As you can see, there are quite a wide range of tasks for military service dogs these days. That requires a wide variety of breeds who can deliver on those tasks. Since the military has been training dogs for decades, they have experimented with a wide variety of breeds and come up with quite a list of powerful pups who are up to the tasks. So, who are the top dogs when it comes to military duty past and present? Keep your eyeballs glued to this page to find out. (Photo credit: Africa Studio/Shutterstock)
This beautiful pup is a top pick for a variety of reasons. First of all, German Shepherds are strong, agile and easy-to-train for scout dog duty. But that’s not all. Importantly, these doggos aren’t overly aggressive, so that they can remain calm in hostile locations. Plus, their loyal and predictable personality makes for a dependable wing-man when one of these beauties is by your side in a war-zone. Few breeds are up to as many service dog tasks as German Shepherds. (Photo credit: serav/Shutterstock)

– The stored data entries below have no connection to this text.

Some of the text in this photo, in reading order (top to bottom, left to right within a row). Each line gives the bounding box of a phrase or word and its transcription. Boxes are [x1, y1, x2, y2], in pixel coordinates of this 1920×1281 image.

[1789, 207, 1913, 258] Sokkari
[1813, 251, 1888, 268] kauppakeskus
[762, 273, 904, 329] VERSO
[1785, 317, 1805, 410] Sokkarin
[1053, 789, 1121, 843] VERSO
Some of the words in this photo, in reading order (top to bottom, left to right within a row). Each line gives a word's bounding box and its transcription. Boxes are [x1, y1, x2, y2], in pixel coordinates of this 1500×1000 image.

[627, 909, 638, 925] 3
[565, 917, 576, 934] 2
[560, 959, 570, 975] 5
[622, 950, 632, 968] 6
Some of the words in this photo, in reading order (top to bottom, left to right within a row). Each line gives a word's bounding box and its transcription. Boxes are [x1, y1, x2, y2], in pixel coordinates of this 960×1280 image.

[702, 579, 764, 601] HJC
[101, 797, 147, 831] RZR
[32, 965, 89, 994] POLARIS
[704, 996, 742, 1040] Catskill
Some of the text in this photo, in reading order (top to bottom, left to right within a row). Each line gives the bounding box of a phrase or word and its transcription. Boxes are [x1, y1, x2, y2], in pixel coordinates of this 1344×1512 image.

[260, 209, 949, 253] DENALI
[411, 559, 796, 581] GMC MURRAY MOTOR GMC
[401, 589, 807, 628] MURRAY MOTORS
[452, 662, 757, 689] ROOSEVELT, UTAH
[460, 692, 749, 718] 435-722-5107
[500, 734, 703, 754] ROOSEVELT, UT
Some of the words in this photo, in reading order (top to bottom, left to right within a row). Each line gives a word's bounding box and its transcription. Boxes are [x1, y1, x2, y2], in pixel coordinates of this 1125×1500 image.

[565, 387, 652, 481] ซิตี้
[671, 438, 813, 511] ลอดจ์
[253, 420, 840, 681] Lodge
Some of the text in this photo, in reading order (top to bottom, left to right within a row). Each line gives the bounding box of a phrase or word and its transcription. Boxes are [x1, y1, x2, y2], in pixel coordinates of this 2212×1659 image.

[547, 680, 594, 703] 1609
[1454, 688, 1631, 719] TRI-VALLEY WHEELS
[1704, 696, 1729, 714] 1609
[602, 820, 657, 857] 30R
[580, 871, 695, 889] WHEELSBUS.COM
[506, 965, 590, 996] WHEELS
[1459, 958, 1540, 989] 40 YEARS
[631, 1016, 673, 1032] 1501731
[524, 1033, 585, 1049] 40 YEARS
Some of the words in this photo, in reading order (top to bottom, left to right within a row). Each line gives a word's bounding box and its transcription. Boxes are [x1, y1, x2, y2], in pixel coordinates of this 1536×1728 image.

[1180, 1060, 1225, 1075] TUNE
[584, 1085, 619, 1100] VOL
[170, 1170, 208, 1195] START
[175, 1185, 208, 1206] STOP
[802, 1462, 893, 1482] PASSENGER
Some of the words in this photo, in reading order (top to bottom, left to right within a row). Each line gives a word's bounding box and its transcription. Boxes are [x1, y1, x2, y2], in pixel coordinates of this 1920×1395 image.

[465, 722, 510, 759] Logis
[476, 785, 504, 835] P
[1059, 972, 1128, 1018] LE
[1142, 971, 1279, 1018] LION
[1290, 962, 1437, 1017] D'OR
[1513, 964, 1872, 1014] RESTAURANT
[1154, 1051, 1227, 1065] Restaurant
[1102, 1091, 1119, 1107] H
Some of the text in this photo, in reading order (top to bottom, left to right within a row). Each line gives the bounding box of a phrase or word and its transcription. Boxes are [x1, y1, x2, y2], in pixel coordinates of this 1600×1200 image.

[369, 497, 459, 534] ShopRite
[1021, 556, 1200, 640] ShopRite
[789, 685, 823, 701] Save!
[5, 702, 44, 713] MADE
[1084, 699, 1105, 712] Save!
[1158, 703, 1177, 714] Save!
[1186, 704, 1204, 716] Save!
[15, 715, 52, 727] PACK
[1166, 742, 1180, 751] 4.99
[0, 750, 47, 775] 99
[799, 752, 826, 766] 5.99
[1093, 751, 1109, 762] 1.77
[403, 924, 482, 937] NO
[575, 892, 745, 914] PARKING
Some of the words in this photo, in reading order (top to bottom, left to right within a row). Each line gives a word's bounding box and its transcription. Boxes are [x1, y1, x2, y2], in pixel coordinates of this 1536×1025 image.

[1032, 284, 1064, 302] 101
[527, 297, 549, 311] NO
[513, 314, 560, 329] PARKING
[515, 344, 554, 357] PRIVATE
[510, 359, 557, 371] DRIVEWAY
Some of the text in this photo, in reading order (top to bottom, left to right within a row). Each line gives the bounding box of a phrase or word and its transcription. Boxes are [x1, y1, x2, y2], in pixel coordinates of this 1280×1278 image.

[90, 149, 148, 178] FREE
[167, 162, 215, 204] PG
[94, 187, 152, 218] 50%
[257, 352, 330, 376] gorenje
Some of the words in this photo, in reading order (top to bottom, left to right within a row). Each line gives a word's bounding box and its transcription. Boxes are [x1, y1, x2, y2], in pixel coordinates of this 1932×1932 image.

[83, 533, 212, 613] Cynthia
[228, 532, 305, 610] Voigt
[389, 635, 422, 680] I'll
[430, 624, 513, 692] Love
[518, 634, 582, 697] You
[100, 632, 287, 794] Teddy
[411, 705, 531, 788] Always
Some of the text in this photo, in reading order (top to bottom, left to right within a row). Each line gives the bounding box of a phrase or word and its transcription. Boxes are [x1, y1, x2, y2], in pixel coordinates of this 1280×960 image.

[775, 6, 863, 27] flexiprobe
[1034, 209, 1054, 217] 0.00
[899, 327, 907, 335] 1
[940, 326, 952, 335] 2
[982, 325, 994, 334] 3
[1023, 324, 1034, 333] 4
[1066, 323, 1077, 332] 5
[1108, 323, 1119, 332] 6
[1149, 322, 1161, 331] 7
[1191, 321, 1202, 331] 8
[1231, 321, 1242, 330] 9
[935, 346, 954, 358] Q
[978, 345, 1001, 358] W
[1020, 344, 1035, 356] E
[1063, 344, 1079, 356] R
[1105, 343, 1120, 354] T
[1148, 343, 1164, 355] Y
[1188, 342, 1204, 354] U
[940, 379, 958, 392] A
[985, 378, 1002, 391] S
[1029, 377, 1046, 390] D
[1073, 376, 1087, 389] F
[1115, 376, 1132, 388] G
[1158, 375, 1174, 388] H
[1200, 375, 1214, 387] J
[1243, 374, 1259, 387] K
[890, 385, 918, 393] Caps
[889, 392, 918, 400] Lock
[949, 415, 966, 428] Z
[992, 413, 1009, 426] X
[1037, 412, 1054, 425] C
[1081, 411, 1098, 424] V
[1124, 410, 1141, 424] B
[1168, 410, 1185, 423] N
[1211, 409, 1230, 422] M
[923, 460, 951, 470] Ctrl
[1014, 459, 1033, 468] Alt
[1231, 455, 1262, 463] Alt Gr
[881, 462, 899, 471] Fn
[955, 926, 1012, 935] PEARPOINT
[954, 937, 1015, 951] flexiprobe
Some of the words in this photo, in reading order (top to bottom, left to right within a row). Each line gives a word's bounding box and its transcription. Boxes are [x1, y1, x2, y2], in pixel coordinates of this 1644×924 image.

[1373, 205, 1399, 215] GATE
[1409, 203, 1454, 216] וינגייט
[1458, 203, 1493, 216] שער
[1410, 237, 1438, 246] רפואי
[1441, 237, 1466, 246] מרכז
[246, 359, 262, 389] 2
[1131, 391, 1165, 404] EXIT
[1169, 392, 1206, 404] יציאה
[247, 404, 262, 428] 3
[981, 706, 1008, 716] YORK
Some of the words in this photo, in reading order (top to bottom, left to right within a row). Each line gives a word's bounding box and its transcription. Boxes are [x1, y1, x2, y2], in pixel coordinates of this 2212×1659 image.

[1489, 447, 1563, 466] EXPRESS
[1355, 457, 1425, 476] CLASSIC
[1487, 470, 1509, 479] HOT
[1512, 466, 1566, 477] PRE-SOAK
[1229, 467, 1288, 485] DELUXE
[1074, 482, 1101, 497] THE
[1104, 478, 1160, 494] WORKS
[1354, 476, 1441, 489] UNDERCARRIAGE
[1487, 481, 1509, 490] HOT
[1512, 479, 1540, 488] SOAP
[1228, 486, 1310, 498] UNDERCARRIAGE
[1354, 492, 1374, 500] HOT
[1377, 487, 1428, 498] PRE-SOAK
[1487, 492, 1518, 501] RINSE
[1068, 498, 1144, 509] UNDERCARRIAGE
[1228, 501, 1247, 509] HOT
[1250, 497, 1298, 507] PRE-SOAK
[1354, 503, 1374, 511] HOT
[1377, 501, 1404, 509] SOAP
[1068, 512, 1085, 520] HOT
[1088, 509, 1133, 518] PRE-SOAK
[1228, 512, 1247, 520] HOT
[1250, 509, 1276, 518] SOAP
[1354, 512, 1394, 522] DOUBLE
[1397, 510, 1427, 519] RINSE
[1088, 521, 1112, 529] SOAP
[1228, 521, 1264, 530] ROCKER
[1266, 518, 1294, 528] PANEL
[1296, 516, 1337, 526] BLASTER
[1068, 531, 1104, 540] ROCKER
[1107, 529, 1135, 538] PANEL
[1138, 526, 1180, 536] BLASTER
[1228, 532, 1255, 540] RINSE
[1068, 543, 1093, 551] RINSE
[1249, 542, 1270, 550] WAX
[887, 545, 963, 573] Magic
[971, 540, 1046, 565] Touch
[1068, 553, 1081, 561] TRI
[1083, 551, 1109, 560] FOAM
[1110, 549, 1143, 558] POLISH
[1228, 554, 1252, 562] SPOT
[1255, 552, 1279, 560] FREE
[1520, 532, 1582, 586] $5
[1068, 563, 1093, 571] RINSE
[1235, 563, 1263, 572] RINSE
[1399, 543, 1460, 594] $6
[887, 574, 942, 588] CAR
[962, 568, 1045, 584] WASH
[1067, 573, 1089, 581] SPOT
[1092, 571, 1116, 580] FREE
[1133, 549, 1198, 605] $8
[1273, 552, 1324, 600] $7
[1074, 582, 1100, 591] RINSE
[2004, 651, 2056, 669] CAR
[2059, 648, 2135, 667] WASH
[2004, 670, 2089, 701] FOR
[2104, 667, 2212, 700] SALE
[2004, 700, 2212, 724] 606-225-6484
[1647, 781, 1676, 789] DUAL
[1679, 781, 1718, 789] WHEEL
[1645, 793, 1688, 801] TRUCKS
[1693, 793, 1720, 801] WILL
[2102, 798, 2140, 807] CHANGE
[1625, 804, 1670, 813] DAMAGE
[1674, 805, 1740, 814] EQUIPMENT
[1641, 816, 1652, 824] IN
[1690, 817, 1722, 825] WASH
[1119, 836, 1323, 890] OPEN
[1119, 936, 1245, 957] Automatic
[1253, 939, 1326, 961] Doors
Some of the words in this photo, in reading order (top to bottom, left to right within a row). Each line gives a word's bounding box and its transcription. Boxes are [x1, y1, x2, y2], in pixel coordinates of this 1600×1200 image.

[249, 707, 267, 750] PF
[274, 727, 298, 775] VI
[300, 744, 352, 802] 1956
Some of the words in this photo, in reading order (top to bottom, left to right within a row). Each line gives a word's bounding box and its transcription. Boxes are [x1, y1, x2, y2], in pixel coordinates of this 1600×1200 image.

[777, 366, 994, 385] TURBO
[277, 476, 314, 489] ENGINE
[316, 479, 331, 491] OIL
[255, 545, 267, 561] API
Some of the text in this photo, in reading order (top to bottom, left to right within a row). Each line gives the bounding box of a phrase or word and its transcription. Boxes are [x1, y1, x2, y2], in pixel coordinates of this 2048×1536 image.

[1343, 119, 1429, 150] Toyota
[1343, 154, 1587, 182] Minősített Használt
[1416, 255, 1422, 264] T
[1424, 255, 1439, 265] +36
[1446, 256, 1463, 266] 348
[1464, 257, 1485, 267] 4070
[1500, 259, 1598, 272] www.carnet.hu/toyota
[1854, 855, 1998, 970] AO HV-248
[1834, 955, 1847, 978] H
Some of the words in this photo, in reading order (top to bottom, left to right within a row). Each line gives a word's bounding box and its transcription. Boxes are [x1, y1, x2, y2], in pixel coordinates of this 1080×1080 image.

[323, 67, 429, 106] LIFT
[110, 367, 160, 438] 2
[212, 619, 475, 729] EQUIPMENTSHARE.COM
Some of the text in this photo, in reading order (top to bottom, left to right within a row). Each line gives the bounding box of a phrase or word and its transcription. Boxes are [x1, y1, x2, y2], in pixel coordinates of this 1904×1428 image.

This German Shepherd look-alike possesses the same dependable, intelligent, and trainable personality as the real deal. There is a little twist with a Belgian Malinois that makes a difference though. These pups come in a more compact form than German Shepherds, which makes them better for missions where they are parachuted or repelled into a situation with their handlers. That slight difference in size can make a huge difference in a war zone. (Photo credit: Ekaterina Brusnika/Shutterstock)
Everyone who has ever owned a Labrador Retriever can tell you that their nose is naturally gifted. So, it only makes sense that this pooch with the always-on sense of smell would be the ideal choice for sniffing out explosives. They are also well suited to search and rescue missions where timing is critical and you need an ultra-obedient dog with an effective nose on the job. Labrador Retrievers are the perfect pups to smell out danger and lead with their noses on the battlefield. (Photo credit: OlgaOvcharenko/Shutterstock)
It’s no surprise that this lean, athletic pooch has been a favorite of the US Marines dating back to WWII. Often dubbed the Devil Dog of the Marines, the Doberman Pinscher’s intelligence, easy trainability, and alertness make the breed a perfect choice for the role of a Scout or Patrol dog. They’ve been on the front lines for generations now and that won’t be changing any time soon. (Photo credit: xieyuliang/Shutterstock)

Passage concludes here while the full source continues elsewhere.